VALLEJO, Calif. — In May, National Forests in California enacted state-wide campfire restrictions, until further notice, to protect the health and safety of communities and firefighters. Igniting, building, maintaining, or using a campfire on National Forests in California remain prohibited, except for developed campgrounds and certain permitted facilities. Check with local National Forests for any additional fire restrictions in place for specific locations.

Forest Service officials are taking this necessary step to ensure that firefighters are available to safely respond and manage incidents. 95 percent of all wildfires in California are human caused, and many are a result of unattended campfires. With the above-average fire season projected in much of California, and the combined potential for wildfires and smoke to impact communities and firefighters during this unprecedented pandemic, there is a need to focus on reducing or eliminating this large ignition source and do all we can to preserve firefighting resources.

“We need everyone now, more than ever, to help reduce the number of preventable wildfires,” said Deputy Regional Forester Anthony Scardina, for the USDA Forest Service Pacific Southwest Region. “We are in state-wide fire restrictions, yet illegal campfires continue be an issue, putting a strain on firefighters and threating communities.”

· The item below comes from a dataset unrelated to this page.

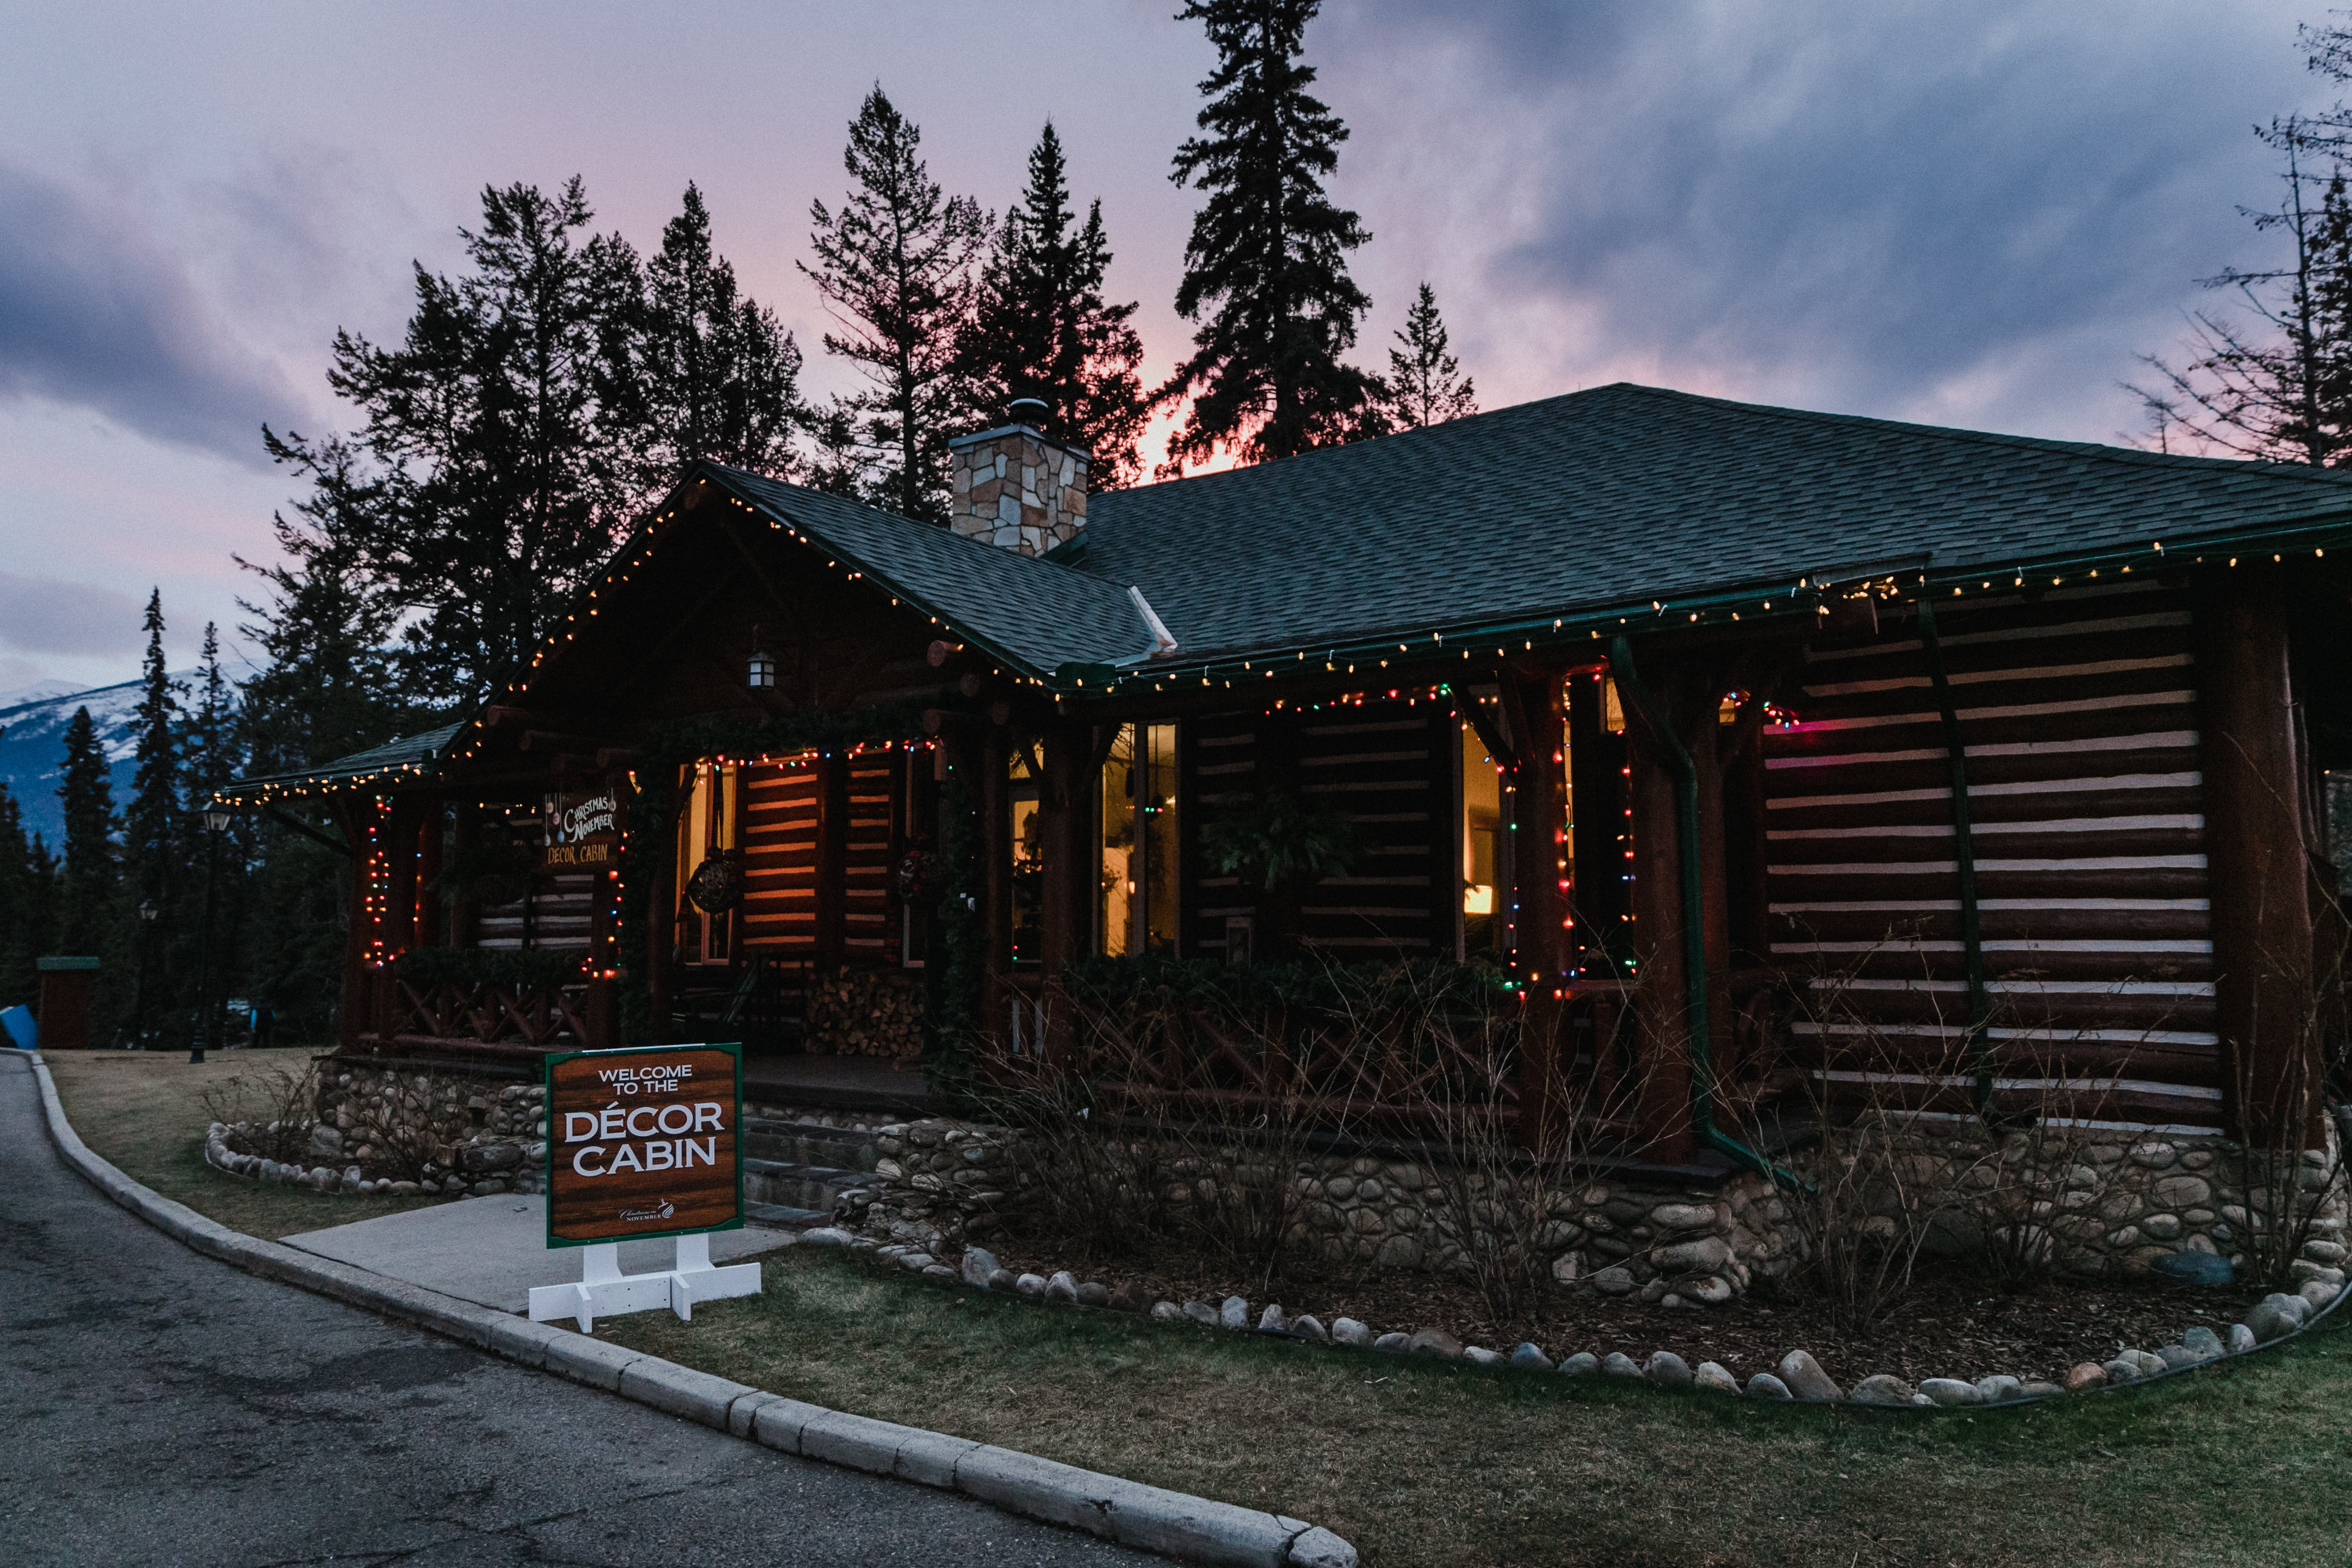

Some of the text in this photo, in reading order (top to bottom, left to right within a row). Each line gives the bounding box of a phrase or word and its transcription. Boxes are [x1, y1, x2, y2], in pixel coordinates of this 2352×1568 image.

Forest visitors will still be able to use pressurized liquid or gas devices (stoves, grills or lanterns) with shut-off valves outside of developed campgrounds with a valid California Campfire Permit, which can be found at CA Campfire Permit [3].

The Forest Service manages 18 National Forests in the Pacific Southwest Region, which encompasses over 20 million acres across California, and assists State and Private forest landowners in California, Hawaii and the U.S. Affiliated Pacific Islands. National forests supply 50 percent of the water in California and form the watershed of most major aqueducts and more than 2,400 reservoirs throughout the state. For more information, visit www.fs.usda.gov/R5 [4].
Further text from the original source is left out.